La chambre était modeste mais confortable, bien qu'elle semblait vaste pour une seule personne. Une coiffeuse, une table, une grande malle et un lit spacieux composaient l'essentiel du mobilier. J'ouvris la malle où étaient rangées mes affaires et en sortis une chemise de nuit simple mais soyeuse. Cependant, une hésitation me saisit. Devais-je attendre Théo pour m'aider à retirer ma robe ? L'idée seule suffisait à me rendre nerveuse.

J'avais entendu tant d'histoires, des murmures échangés entre filles d'Alasia, sur ce qui se passait entre un mari et sa femme lors de leur première nuit. Certaines parlaient de douleur suivie de plaisir, d'autres décrivaient des expériences bien moins plaisantes. Et moi, qu'est-ce que j'étais censée ressentir pour un homme que je connaissais à peine ?

Je me décidai finalement à retirer ma robe seule. Mes doigts s'emmêlèrent dans les rubans du dos, un défi que je n'avais jamais anticipé. Plus je tirais, plus les nœuds semblaient se resserrer.

- Sérieusement ? soufflai-je, frustrée.

La porte s'ouvrit soudainement, et je levai les yeux, pétrifiée. Théo venait de revenir. À travers le miroir de la coiffeuse, je vis son expression indéchiffrable. La partie supérieure de ma robe, relâchée, exposait davantage de peau que je ne l'aurais voulu. En panique, je tirai sur le devant pour couvrir ma poitrine.

Il s'approcha sans un mot, dégageant mes cheveux pour poser une main chaude sur mon épaule nue. Je frissonnai, incapable de savoir si c'était de peur ou d'autre chose. Puis, doucement, il déposa un baiser sur ma clavicule. Je ne m'attendais pas à tant de tendresse. Ses lèvres étaient si légères, presque irréelles.

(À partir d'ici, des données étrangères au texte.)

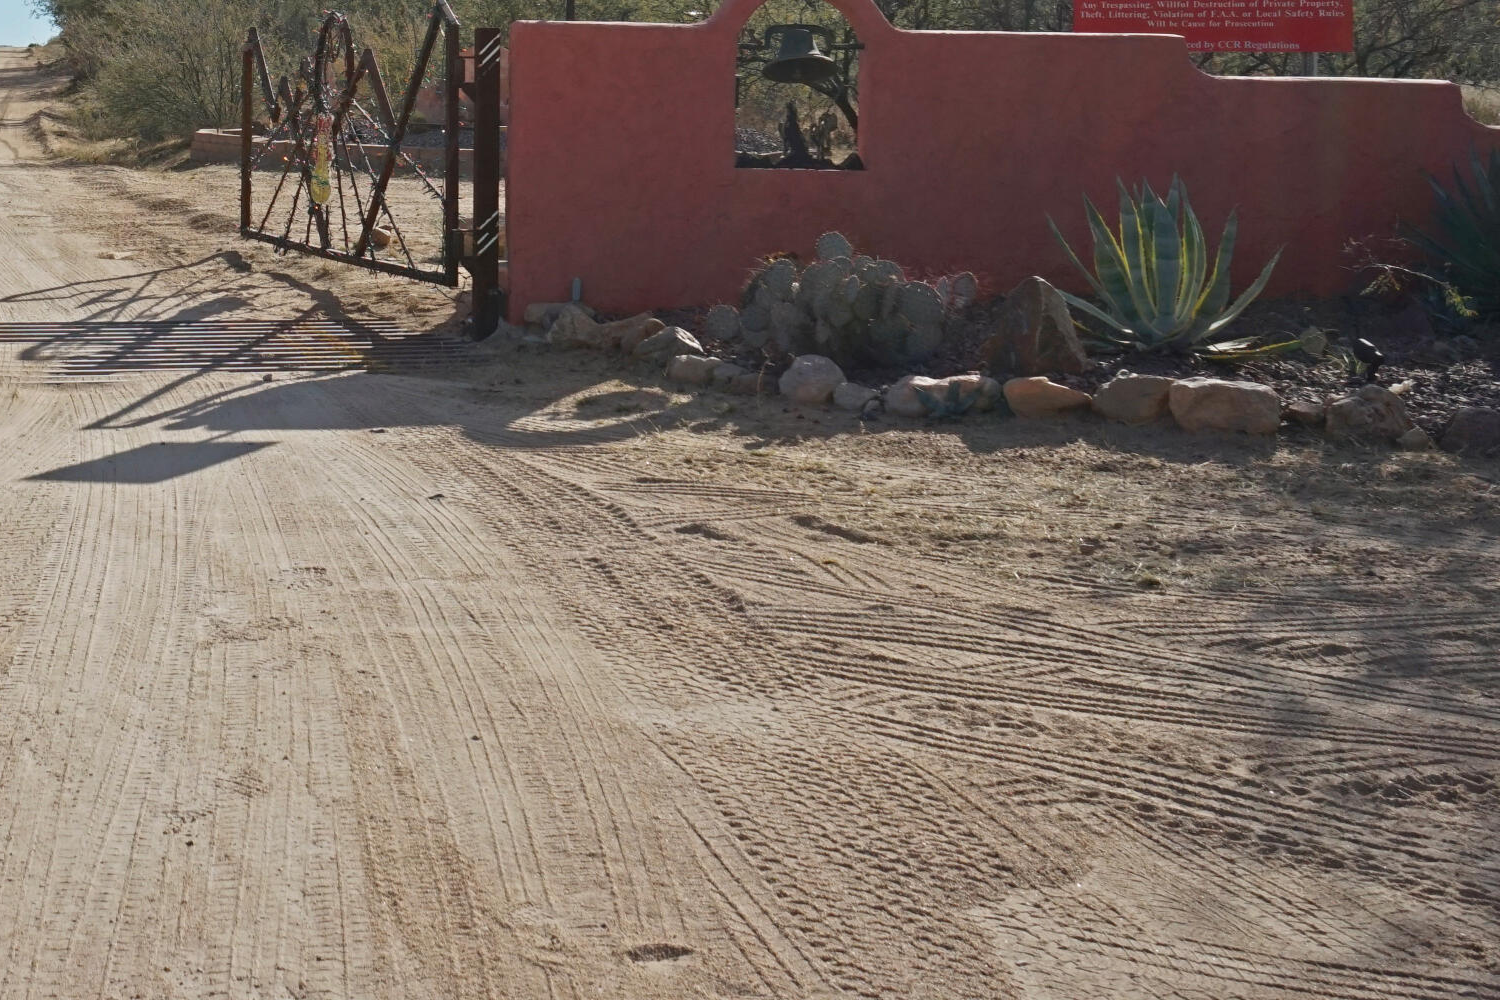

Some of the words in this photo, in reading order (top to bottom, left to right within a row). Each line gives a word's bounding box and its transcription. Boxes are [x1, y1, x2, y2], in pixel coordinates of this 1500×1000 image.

Mais le moment se brisa lorsqu'un bruit sec résonna. Il avait sorti un petit poignard et venait de couper les rubans serrés à l'arrière de ma robe. Ce geste me fit reculer instinctivement.

- Arrête ! murmurai-je, terrifiée.

Il me fit pivoter pour lui faire face, ses mains sur mes épaules. Je fermai les yeux, persuadée que c'était la fin, que je ne pouvais pas lui échapper. Mais à ma grande surprise, il s'arrêta.

- Regarde-moi, Elira, dit-il doucement.

J'ouvris les yeux, hésitante, et le trouvai immobile, une expression de douleur dans son regard.

- Tu n'es pas prête, n'est-ce pas ?

Je baissai la tête, incapable de répondre. Les larmes que je retenais depuis le début de la soirée coulèrent finalement.

- Écoute-moi bien, continua-t-il. Je ne te forcerai jamais. Ce n'est pas ce que je veux pour nous. Quand tu te sentiras prête, nous partagerons ce moment. Pas avant.

Il recula, respectueux, et déposa un baiser léger sur mon front. Puis il se tourna vers la porte.

- Où vas-tu ? demandai-je, troublée.

- Il y a une autre chambre un peu plus loin. Je vais y passer la nuit pour te laisser l'espace dont tu as besoin.